I was having a problem with an API Integration guide I was working on where very long character strings (URLs demonstrating the format needed by developers) were not wrapping properly in the PDF versions of the generated output. The web help versions looked fine as the browsers wrapped the URLs nicely but in the PDFs, the URLs ran off the edge of the page like this…
I couldn’t fix this myself and couldn’t find anything in the forums either so I ended up calling Madcap’s technical support and spoke with Alvaro. After researching the issue, he found that the problem was the XHTML source files and CSS used by Flare didn’t support the wrapping of long character strings like this in PDFs. Web help looks fine because they wrap properly in that format but for PDFs, this issue remains.
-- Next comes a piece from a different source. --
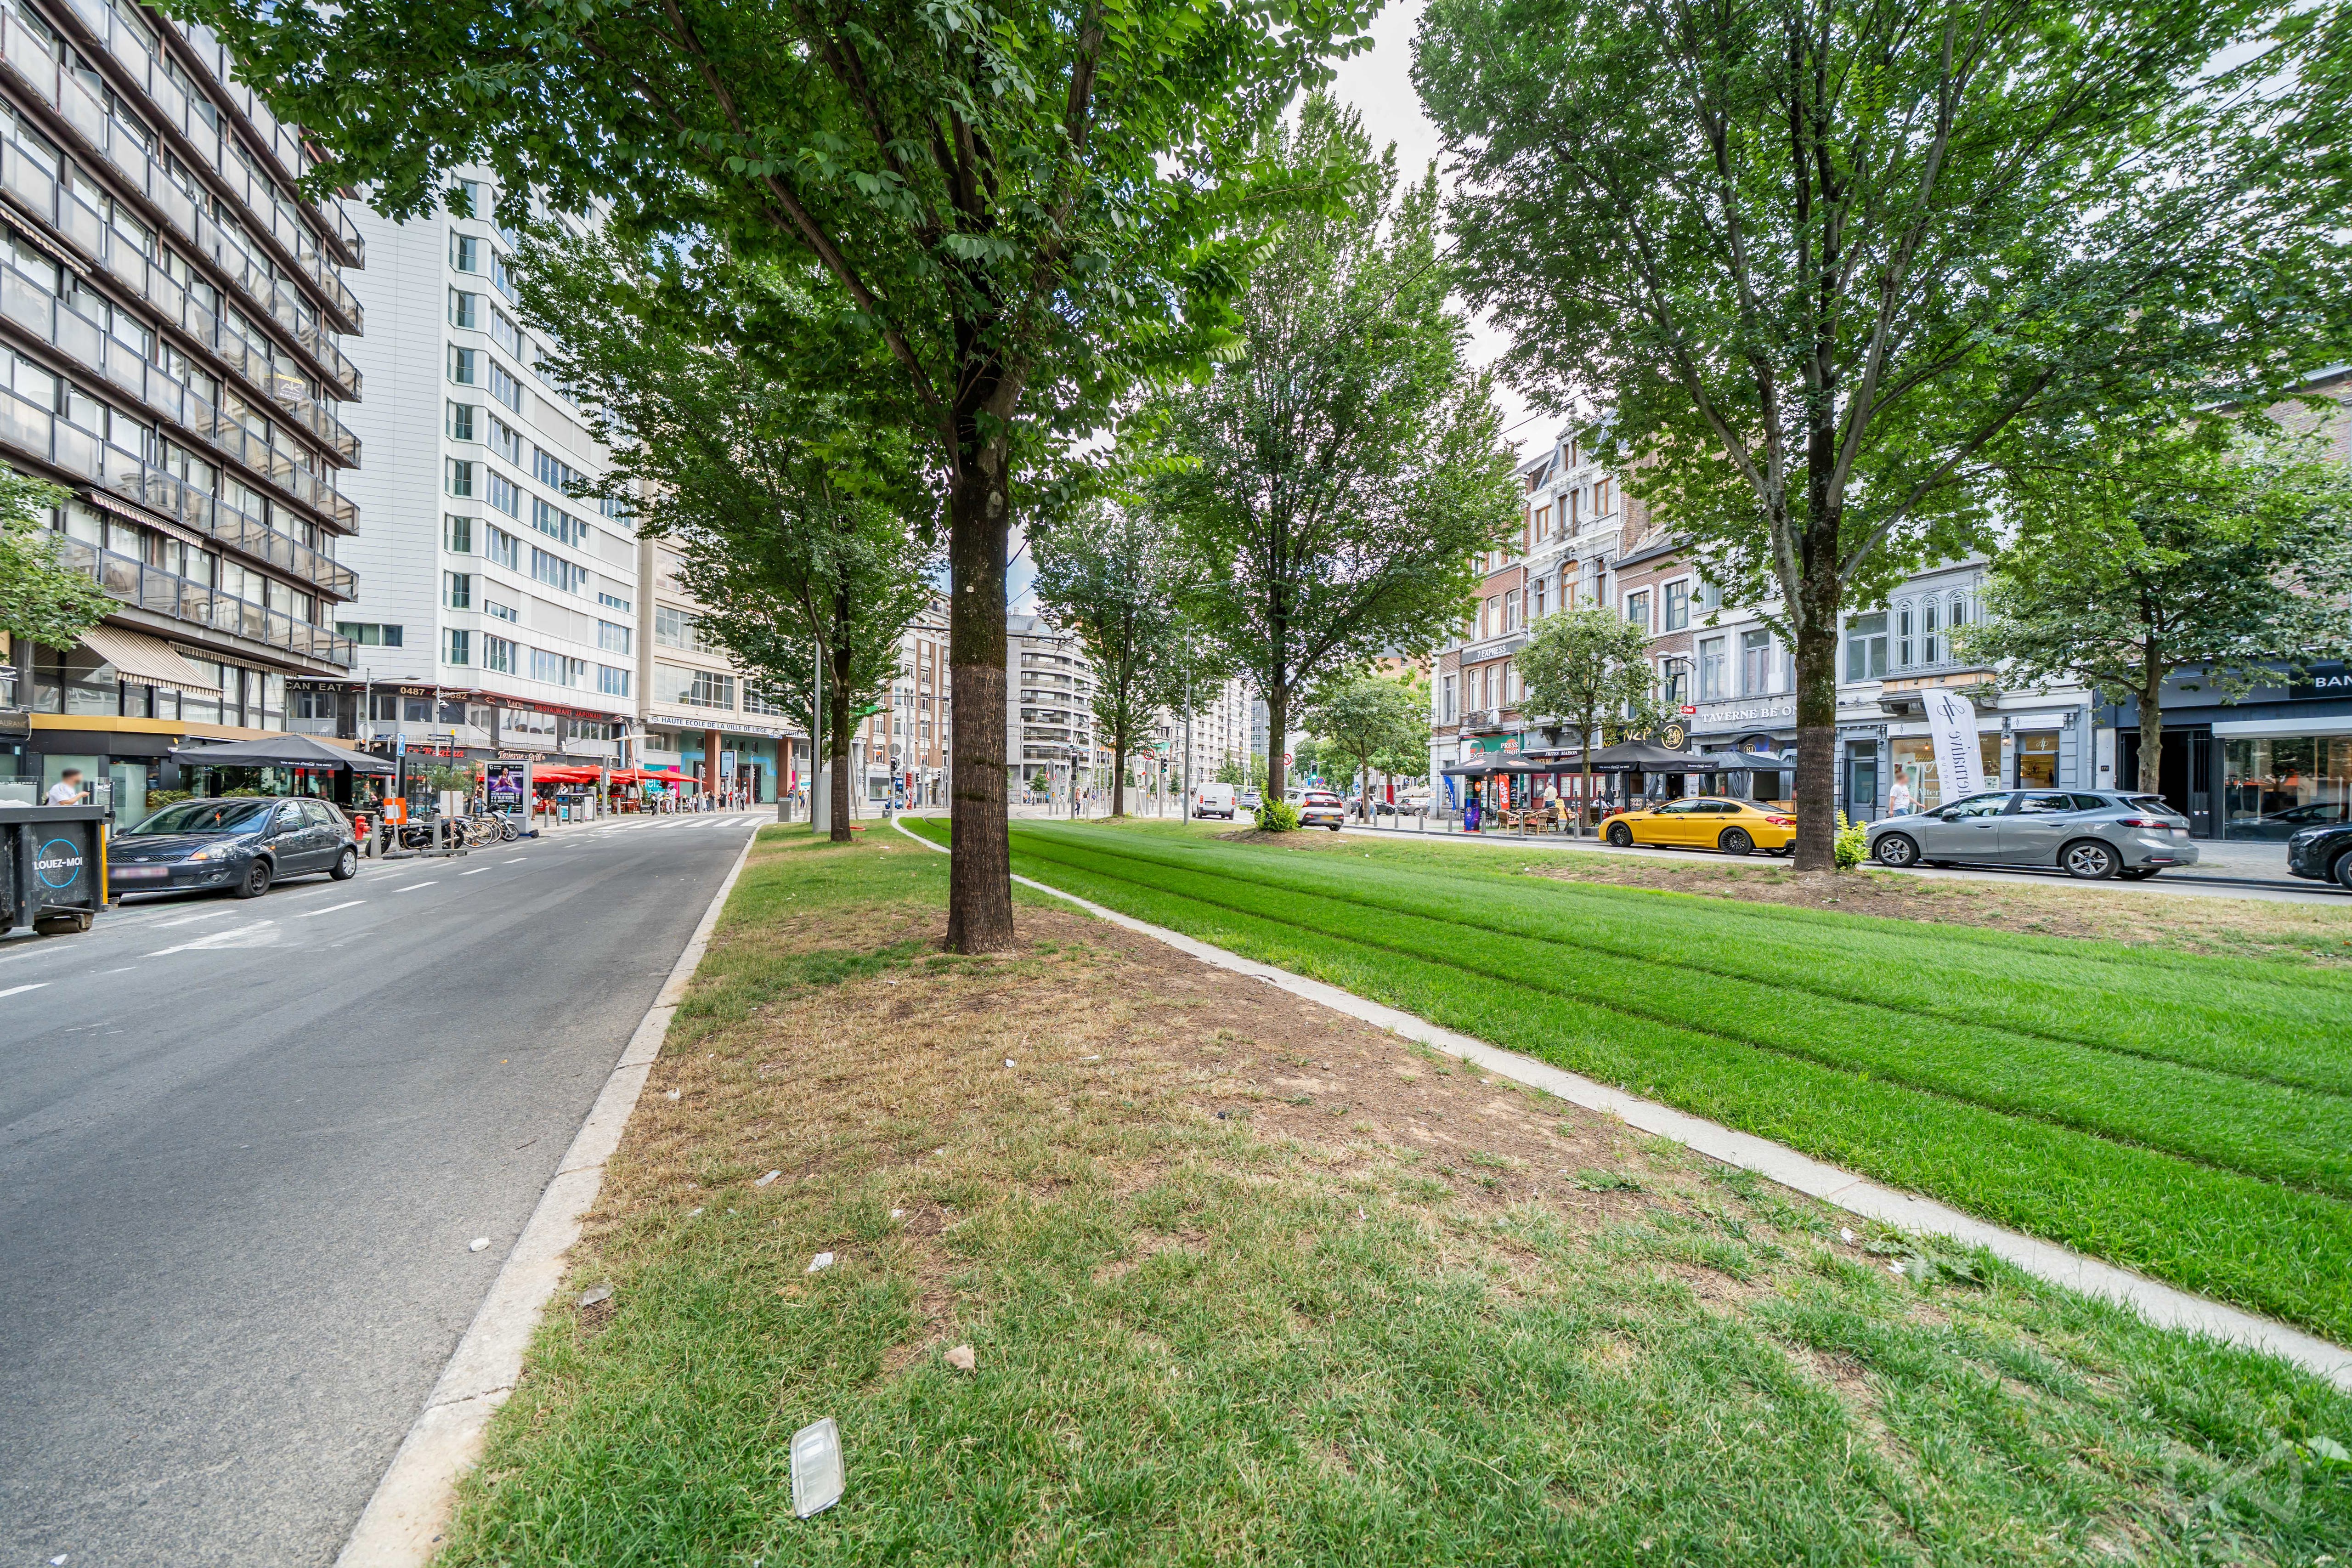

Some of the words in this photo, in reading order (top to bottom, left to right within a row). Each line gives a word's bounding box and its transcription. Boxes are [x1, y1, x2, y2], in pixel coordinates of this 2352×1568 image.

As a work-around, therefore, he suggested creating two copies of the same extra-long character strings. Condition one copy for Print and one for Webhelp. Leave the Webhelp version alone as it’ll display properly in a browser but in the Print version, switch the Layout in Flare’s XML Editor to Print and then insert manual line breaks (Shift-Enter, not Enter) to force the string to wrap. By switching the Layout to Print, you can see the margins which will help you figure out where to put the line breaks.
Here’s what it looks like (in Print Layout)…
Maybe not the most elegant solution but it works and credit should go to Alvara for figuring it out.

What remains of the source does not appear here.